Print the data below verbatim, minus images.
___ Given entries ___
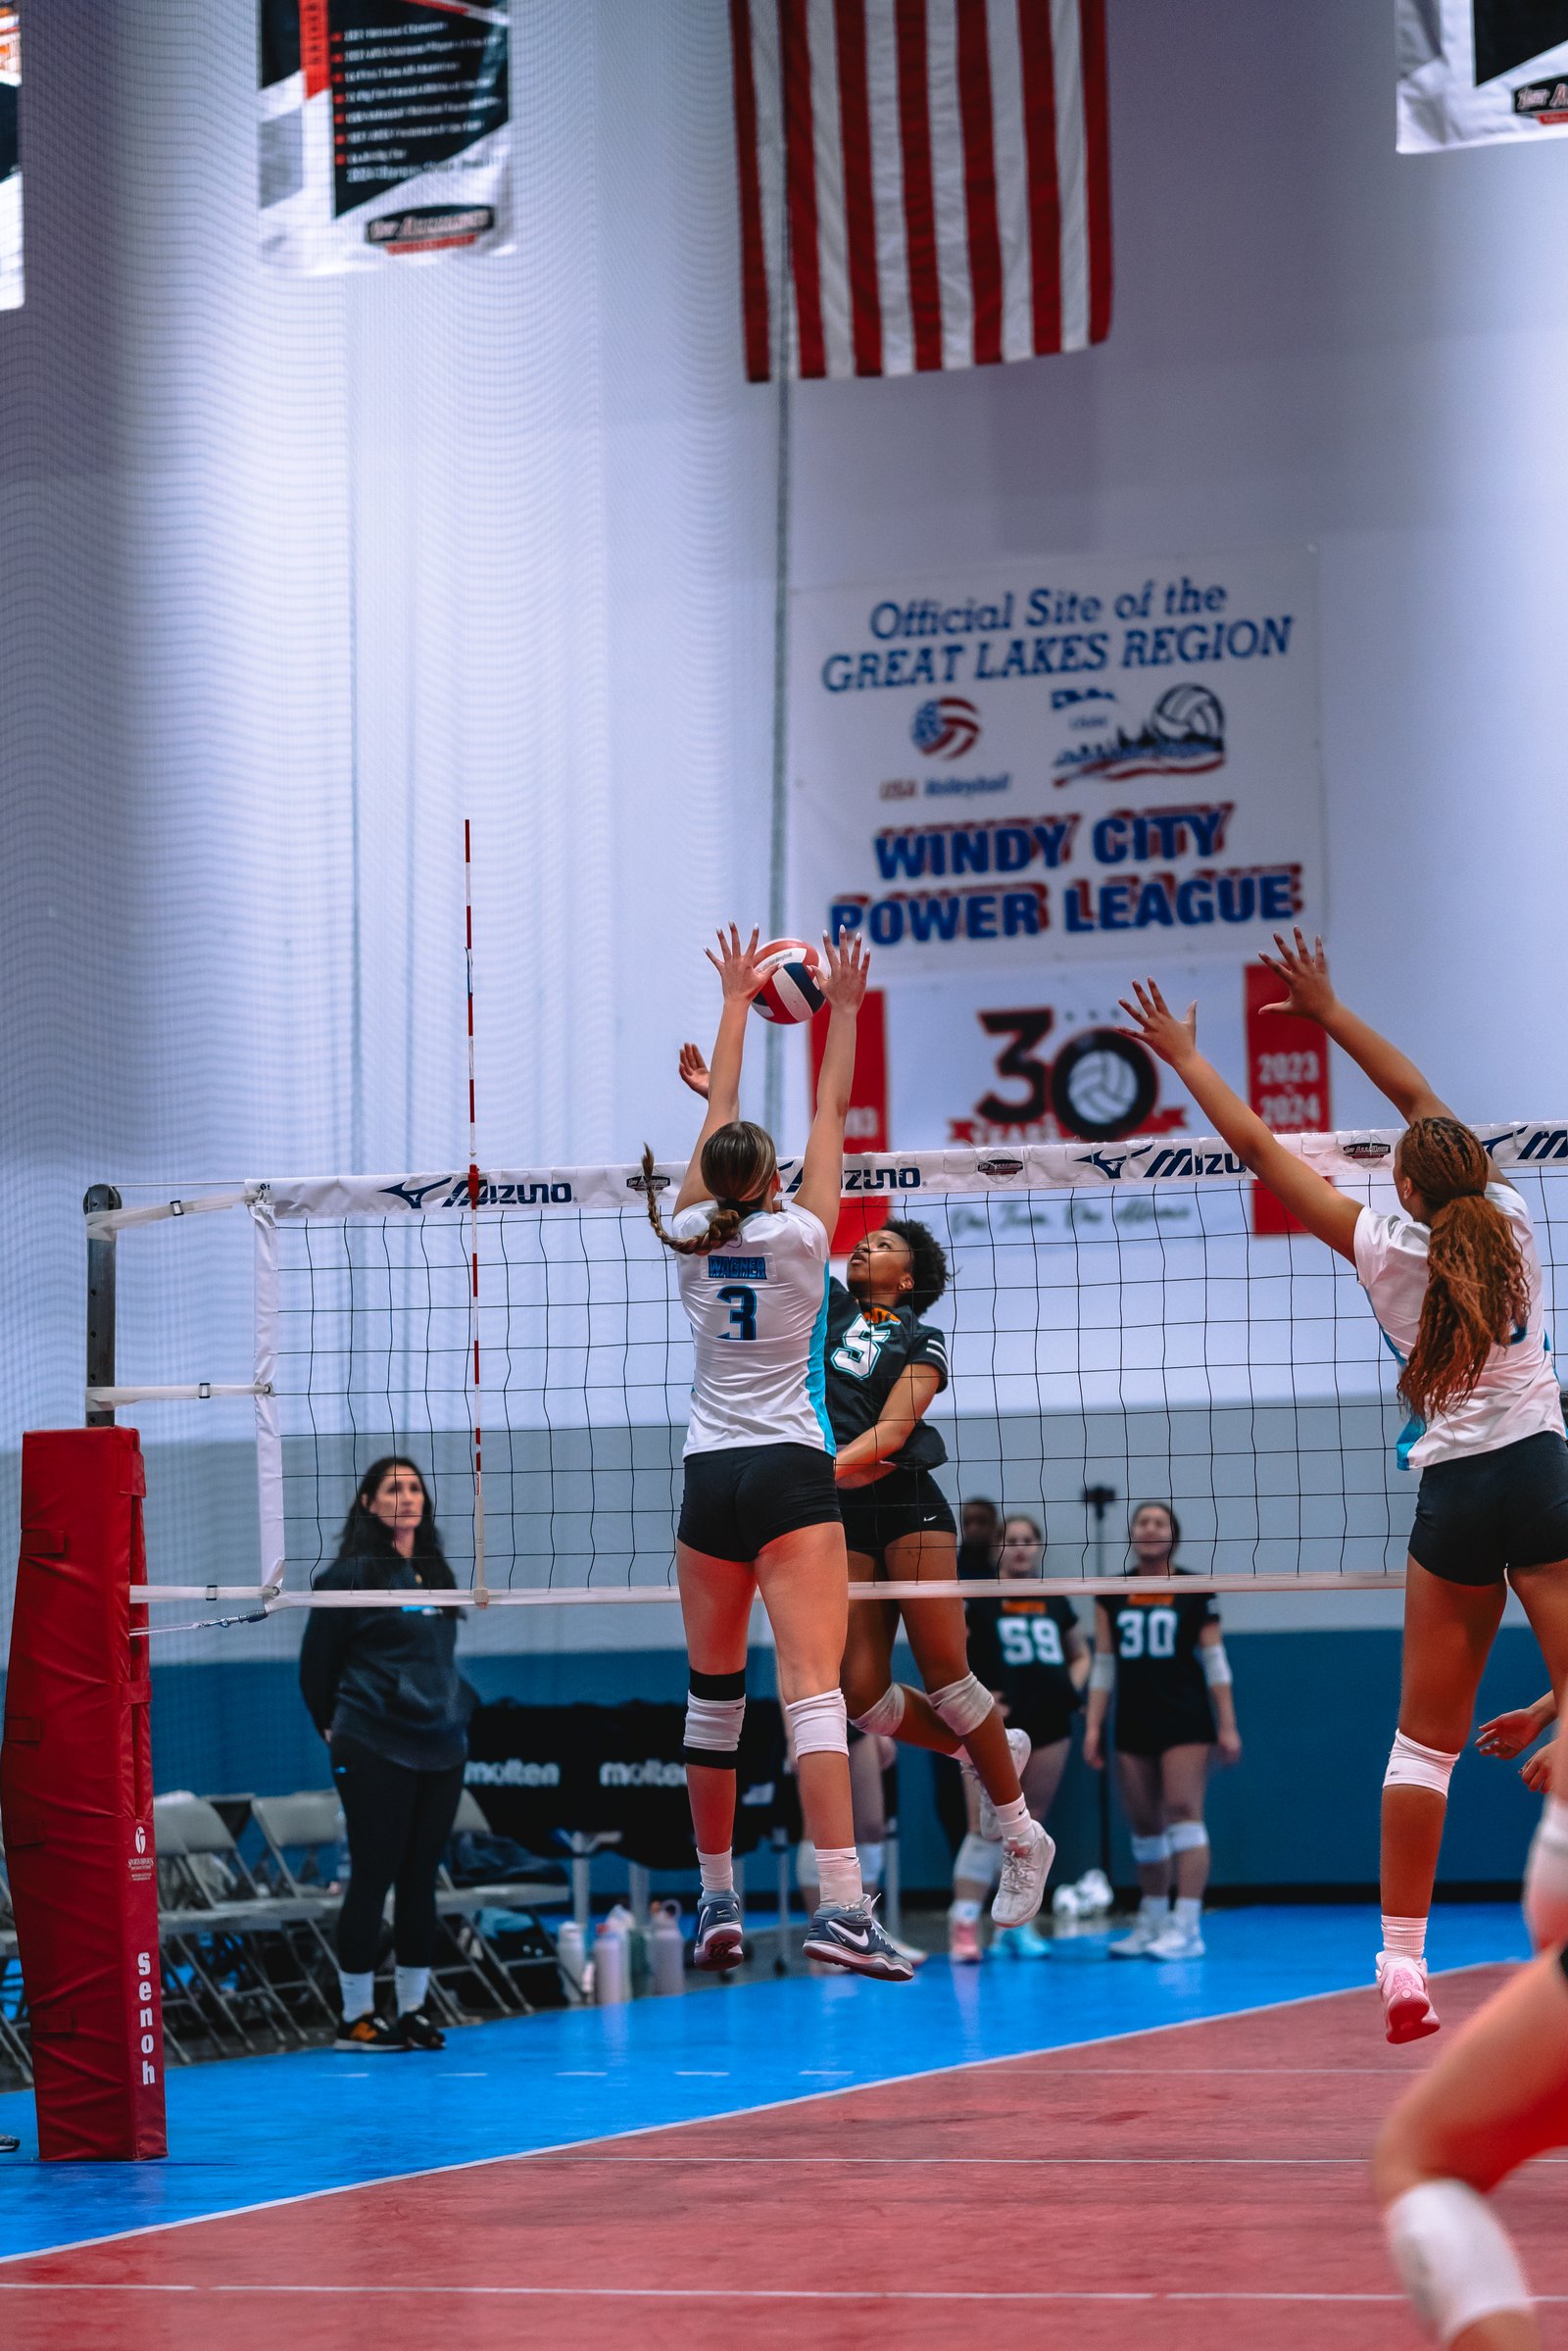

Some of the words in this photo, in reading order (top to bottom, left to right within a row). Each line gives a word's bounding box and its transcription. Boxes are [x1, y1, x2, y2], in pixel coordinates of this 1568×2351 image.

[870, 594, 1012, 640] Official
[1026, 588, 1102, 627] Site
[1114, 579, 1156, 621] of
[1163, 577, 1227, 616] the
[821, 645, 964, 692] GREAT
[975, 633, 1109, 678] LAKES
[1122, 615, 1294, 669] REGION
[873, 815, 1081, 881] WINDY
[1093, 803, 1235, 864] CITY
[830, 884, 1049, 949] POWER
[1064, 864, 1303, 934] LEAGUE
[977, 1006, 1160, 1144] 30
[1258, 1051, 1319, 1085] 2023
[1260, 1092, 1320, 1126] 2024
[716, 1285, 758, 1341] 3
[997, 1617, 1064, 1666] 59
[1117, 1609, 1178, 1659] 30
[464, 1760, 561, 1787] molten
[137, 1951, 156, 2085] senoh
___
### Task solution
Some of the words in this photo, in reading order (top to bottom, left to right within a row). Each line gives a word's bounding box and its transcription. Boxes are [x1, y1, x2, y2], in pixel coordinates of this 1568×2351 image.

[870, 594, 1012, 640] Official
[1026, 588, 1102, 627] Site
[1114, 579, 1156, 621] of
[1163, 577, 1227, 616] the
[821, 645, 964, 692] GREAT
[975, 633, 1109, 678] LAKES
[1122, 615, 1294, 669] REGION
[873, 815, 1081, 881] WINDY
[1093, 803, 1235, 864] CITY
[830, 884, 1049, 949] POWER
[1064, 864, 1303, 934] LEAGUE
[977, 1006, 1160, 1144] 30
[1258, 1051, 1319, 1085] 2023
[1260, 1092, 1320, 1126] 2024
[716, 1285, 758, 1341] 3
[997, 1617, 1064, 1666] 59
[1117, 1609, 1178, 1659] 30
[464, 1760, 561, 1787] molten
[137, 1951, 156, 2085] senoh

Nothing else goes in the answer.